Requirement: What you should write out is every line from the one containing "this 1333×1500 image." to the end of the data, exactly and with nothing else.

Extracted data entries
____________

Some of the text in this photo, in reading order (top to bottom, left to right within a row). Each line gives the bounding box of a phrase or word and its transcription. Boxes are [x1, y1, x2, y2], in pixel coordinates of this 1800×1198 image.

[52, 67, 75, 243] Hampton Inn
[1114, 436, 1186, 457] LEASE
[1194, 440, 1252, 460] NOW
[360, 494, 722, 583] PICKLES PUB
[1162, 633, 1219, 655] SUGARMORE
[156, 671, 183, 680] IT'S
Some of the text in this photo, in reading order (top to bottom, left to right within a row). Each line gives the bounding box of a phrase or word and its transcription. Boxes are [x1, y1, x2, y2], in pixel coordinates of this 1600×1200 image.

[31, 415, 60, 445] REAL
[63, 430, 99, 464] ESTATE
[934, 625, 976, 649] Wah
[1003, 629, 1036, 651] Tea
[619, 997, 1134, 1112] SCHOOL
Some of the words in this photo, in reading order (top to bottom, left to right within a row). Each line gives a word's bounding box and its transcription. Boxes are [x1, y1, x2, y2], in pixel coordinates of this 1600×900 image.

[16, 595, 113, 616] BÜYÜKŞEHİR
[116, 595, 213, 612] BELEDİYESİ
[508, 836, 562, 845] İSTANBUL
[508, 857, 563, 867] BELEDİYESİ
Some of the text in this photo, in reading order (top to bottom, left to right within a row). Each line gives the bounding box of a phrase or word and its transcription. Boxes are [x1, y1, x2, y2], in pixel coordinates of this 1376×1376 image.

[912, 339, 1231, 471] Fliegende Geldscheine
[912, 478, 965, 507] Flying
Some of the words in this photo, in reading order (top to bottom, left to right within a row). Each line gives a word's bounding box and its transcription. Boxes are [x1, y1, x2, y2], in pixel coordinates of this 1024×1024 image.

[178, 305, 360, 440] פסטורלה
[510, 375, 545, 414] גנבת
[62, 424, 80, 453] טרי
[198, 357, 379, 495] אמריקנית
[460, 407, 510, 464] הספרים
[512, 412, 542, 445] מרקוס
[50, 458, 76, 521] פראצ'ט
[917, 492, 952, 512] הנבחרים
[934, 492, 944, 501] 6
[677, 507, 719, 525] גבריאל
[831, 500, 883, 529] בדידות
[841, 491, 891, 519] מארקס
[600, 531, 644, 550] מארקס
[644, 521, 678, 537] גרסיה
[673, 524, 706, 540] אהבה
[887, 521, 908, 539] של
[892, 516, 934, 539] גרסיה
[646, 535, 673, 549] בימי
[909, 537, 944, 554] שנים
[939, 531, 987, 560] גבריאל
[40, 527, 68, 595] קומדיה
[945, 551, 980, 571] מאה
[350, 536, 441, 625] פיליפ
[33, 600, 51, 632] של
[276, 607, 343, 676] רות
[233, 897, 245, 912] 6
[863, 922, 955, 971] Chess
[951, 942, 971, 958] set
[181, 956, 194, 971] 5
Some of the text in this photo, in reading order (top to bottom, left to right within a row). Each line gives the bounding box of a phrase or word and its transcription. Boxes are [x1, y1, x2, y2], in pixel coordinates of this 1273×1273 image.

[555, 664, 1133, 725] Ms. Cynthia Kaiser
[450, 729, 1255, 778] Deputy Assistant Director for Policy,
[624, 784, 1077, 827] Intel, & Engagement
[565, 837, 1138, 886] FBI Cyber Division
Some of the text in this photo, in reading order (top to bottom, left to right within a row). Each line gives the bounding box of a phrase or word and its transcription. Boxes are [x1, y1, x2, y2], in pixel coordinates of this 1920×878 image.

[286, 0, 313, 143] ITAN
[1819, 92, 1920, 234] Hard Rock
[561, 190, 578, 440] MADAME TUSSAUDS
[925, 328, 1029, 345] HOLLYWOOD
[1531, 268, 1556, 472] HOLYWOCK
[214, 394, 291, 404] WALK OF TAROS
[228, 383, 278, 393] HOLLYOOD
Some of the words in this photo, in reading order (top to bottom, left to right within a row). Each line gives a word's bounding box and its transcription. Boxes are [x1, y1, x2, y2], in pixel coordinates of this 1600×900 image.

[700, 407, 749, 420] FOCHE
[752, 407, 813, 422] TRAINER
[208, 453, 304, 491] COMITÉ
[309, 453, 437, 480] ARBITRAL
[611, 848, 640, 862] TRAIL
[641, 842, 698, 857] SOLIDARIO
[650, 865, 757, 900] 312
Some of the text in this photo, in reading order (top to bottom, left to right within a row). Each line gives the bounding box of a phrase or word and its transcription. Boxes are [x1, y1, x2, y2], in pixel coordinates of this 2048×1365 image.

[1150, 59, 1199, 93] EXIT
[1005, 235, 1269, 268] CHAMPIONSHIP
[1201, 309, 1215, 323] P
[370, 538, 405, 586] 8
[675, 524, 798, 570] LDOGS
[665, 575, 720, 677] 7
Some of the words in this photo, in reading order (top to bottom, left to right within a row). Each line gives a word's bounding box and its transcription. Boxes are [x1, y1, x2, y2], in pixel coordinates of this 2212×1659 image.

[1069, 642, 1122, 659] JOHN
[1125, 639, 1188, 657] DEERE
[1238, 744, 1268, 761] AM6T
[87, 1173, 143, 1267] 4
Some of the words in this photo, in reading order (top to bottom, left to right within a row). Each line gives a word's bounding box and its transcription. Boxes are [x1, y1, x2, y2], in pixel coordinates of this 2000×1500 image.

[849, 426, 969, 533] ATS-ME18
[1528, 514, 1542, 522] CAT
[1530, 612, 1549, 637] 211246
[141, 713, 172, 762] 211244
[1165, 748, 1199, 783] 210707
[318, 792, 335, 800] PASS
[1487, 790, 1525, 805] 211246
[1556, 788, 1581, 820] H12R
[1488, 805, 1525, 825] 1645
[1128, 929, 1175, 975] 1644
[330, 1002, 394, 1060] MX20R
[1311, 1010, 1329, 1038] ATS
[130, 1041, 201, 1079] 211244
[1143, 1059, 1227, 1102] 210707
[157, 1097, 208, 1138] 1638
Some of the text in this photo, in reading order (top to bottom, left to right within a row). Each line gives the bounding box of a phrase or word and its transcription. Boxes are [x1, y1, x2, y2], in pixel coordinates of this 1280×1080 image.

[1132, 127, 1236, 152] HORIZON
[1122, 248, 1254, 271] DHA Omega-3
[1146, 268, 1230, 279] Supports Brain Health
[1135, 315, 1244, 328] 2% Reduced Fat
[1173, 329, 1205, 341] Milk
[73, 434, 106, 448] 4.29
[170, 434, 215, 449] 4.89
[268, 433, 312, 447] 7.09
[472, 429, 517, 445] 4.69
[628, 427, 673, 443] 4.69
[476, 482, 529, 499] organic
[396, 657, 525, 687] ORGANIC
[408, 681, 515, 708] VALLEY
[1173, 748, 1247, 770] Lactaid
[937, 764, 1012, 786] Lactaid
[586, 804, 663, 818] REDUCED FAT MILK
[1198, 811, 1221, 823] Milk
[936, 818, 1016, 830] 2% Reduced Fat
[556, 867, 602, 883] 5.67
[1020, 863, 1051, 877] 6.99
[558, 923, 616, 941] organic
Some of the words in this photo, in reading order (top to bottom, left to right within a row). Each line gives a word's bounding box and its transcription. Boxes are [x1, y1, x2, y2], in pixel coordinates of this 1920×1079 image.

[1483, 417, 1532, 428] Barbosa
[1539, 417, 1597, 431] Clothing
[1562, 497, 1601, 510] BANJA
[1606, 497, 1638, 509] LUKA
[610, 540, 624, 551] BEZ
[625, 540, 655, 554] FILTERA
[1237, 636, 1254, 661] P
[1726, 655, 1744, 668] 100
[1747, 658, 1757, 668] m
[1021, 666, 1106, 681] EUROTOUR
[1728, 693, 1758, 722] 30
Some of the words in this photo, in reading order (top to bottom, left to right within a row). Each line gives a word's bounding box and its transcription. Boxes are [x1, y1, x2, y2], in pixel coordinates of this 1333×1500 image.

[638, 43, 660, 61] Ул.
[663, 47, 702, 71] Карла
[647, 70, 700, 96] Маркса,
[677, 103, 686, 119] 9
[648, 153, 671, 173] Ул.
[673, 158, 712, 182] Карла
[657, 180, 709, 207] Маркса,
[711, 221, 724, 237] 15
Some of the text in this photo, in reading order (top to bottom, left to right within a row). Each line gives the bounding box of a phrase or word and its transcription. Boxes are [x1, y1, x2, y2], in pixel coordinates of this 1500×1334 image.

____________

Completed task:
Some of the words in this photo, in reading order (top to bottom, left to right within a row). Each line gives a word's bounding box and its transcription. Boxes are [x1, y1, x2, y2], in pixel coordinates of this 1333×1500 image.

[638, 43, 660, 61] Ул.
[663, 47, 702, 71] Карла
[647, 70, 700, 96] Маркса,
[677, 103, 686, 119] 9
[648, 153, 671, 173] Ул.
[673, 158, 712, 182] Карла
[657, 180, 709, 207] Маркса,
[711, 221, 724, 237] 15
Some of the text in this photo, in reading order (top to bottom, left to right within a row). Each line gives the bounding box of a phrase or word and its transcription. Boxes are [x1, y1, x2, y2], in pixel coordinates of this 1500×1334 image.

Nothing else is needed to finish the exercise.